While the tourbillons are the best known, Pratt also completed a sizeable number of complicated pocket watches for UJS. After buying UJS, Baumberger came to own 90 vintage pocket watch ebauches, or movement blanks, according to Dr Crott. Most were already complicated, but Pratt added even more complications, then finished and cased them.

One such watch was sold at Phillips in 2017. A minute-repeating pocket watch made in 1894 that lost its case along the way, the original movement was based on an ebauche by famed specialist Louis-Elysée Piguet. In 1982, Pratt added a split-seconds chronograph and perpetual calendar with moon phase – and produced the hand-made guilloche dial – creating a traditional “grand complication” pocket watch in a 62 mm, yellow gold case.

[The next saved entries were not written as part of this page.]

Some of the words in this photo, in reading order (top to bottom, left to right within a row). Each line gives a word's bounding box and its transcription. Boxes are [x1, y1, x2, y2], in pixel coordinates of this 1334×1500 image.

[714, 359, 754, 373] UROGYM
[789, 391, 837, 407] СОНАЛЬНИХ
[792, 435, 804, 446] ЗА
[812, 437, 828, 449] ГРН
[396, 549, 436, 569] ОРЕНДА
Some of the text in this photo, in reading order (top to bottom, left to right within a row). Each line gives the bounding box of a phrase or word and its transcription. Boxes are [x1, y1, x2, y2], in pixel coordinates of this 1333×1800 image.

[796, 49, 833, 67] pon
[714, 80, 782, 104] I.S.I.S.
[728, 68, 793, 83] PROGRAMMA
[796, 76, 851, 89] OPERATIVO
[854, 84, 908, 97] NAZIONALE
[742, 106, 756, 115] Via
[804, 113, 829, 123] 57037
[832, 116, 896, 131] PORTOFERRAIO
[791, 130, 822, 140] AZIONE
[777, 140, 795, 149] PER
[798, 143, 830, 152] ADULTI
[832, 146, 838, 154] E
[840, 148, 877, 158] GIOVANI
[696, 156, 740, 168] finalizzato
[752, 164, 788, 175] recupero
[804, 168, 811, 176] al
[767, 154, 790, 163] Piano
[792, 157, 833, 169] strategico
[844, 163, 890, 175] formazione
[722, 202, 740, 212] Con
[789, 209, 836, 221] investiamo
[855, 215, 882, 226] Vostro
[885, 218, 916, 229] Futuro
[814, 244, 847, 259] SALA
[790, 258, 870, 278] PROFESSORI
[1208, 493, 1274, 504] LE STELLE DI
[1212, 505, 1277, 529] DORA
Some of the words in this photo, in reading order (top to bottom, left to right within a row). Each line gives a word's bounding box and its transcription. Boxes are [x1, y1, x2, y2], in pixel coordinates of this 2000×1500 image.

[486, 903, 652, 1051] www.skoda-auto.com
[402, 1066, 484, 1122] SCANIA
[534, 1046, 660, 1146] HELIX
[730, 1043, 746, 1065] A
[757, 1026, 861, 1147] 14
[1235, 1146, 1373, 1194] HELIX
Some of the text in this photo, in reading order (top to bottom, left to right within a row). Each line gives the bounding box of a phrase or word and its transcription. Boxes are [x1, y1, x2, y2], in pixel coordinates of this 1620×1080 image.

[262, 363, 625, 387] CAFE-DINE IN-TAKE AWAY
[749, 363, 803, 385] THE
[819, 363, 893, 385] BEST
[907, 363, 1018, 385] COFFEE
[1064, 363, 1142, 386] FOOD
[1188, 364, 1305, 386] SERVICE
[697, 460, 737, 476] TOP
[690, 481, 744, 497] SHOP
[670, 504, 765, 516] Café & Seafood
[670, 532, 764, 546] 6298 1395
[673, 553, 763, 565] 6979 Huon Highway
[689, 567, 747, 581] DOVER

The grand complication of 1982. Photo – Phillips

Movement detail of the grand complication. Photo – Phillips

Though I never had the chance to meet Derek Pratt, and only shook hands with Peter Baumberger once at a watch fair, both were by all accounts talented artisans who are still fondly remembered and respected by their peers.

Today both are only known by the most ardent fans of independent watchmaking, but their work lives on in wristwatches and most significantly, in the tourbillon pocket watches, which are elegant, impressive, and very much masterpieces of late-20th century Swiss watchmaking.